Helping independent local news publishers hit their stride
Posted on September 06, 2012 by Janet CoatsNext week, when more than 100 independent local news publishers gather in Chicago for the third Block by Block Community News Summit, the focus will be on moving from surviving to thriving.
That emphasis is something we at The Patterson Foundation can appreciate. In all of our work, we want to enable individuals and organizations seeking to push their work to the next level, from sustaining to blossoming. Nowhere has this been more true that in the New Media Journalism Initiative.
When I began work on this initiative three years ago, we had a blank sheet of paper. In my first few months of exploration, I was struck by two immediate themes: the amazing rate of innovation in journalism, and the deep need for all of those innovators to connect with each other so that they could learn from both their successes and their failures.
It was only after we helped enable that connection with the first Block by Block Community News Summit in 2010 that the third theme became clear to me, like the final leg on the stool: the need to help these innovators build a business.
As a refugee from traditional media, I knew a lot about how the accelerating transition to digital platforms was challenging the financial models for newspapers and television news. But I wasn’t familiar at all with the challenges facing the entrepreneurs who are building new models for local news.
I knew after that first Block by Block that we wanted to help these publishers find ways to build thriving businesses to support the journalism they were creating and enabling in their communities.
Two years later, we’ve been working on doing just that. Our efforts are just a small piece of what is needed. But with our partners Vikki Porter at Knight Digital Media Center and Michele McLellan, we’ve identified some practices that we think can begin to make a difference.

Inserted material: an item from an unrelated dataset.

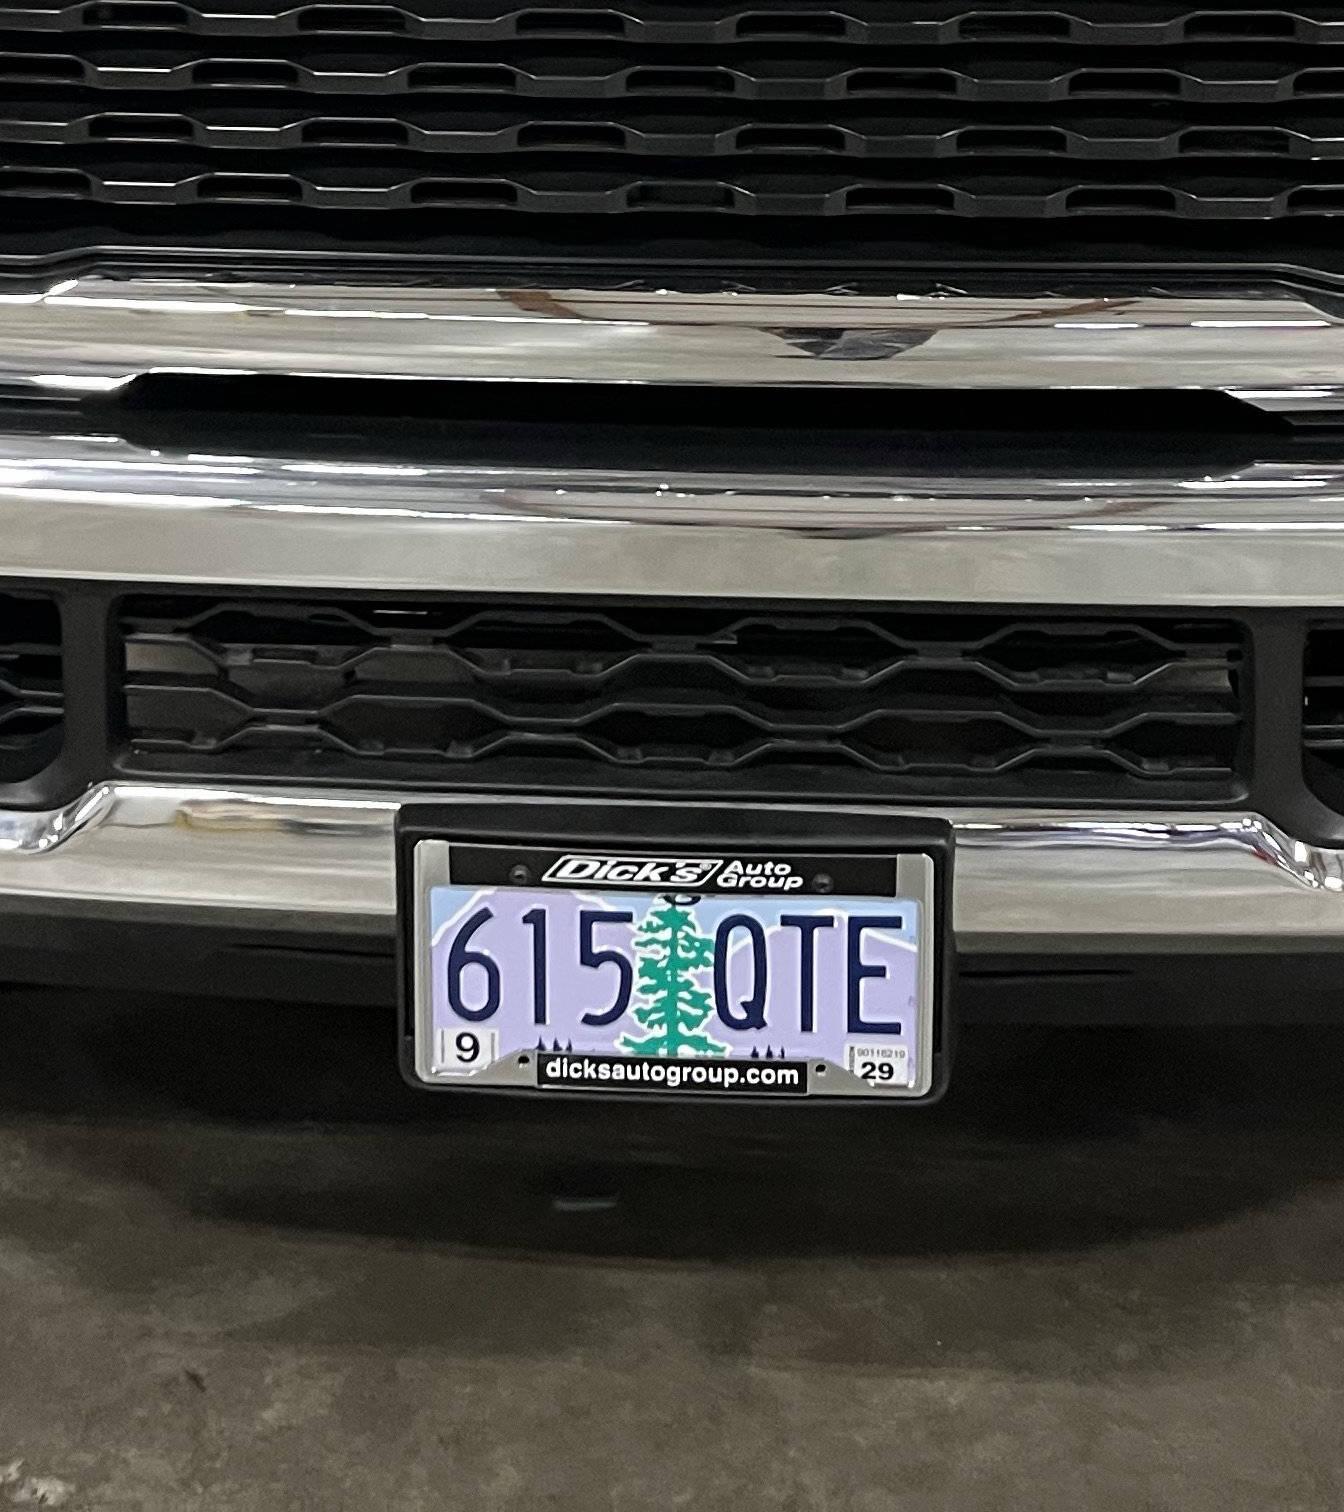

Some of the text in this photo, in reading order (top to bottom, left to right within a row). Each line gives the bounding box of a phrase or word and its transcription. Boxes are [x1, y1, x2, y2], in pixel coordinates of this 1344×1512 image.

This year’s Block by Block agenda reflects what we’ve learned. All of the sessions this year focus on practices that contribute to business success; many of them are led by the coaches we used in our Super Camp publisher mentoring program.
Topics for discussion include:
- Building an actionable business plan
- Learning what to measure to gauge progress and success
- Building relationships with customers and community, and maintaining them systematically.

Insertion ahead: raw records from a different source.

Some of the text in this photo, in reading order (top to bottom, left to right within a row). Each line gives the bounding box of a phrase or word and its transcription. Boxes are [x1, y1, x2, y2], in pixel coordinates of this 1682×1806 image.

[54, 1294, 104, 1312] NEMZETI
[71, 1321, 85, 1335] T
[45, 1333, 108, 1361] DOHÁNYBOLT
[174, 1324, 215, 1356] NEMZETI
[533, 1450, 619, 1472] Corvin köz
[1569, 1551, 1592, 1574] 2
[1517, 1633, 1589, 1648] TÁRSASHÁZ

- Diversifying revenue streams, to avoid relying too much on funding sources such as grants
- The importance of realistic budgeting
One of the most potent topics for discussion, I think, centers on learning the difference between being the business and running a business. So many of journalism’s innovators are motivated by a sense of mission. While that passion can spark creativity and deepen connection to community, it sometimes clouds business judgment. One of the important lessons we’ve learned in the last year is the need to develop some distance, for publishers to appraise what they are doing with a dispassionate eye and evaluate how to best marry mission and money.

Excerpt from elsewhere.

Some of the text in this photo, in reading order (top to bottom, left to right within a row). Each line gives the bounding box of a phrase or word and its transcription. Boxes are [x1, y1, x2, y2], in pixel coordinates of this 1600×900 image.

That’s a lesson that has application not just for the Block by Block community, but for everyone who is trying to adapt to the digital age. The sense of mission we derive from our work matters, and should be at the heart of what we do. But we have to look at the new realities around us and understand that we need to express our mission in different ways.
And at the core, we have to understand that no matter how noble our mission, without the ability to thrive financially, we won’t be able to fulfill it.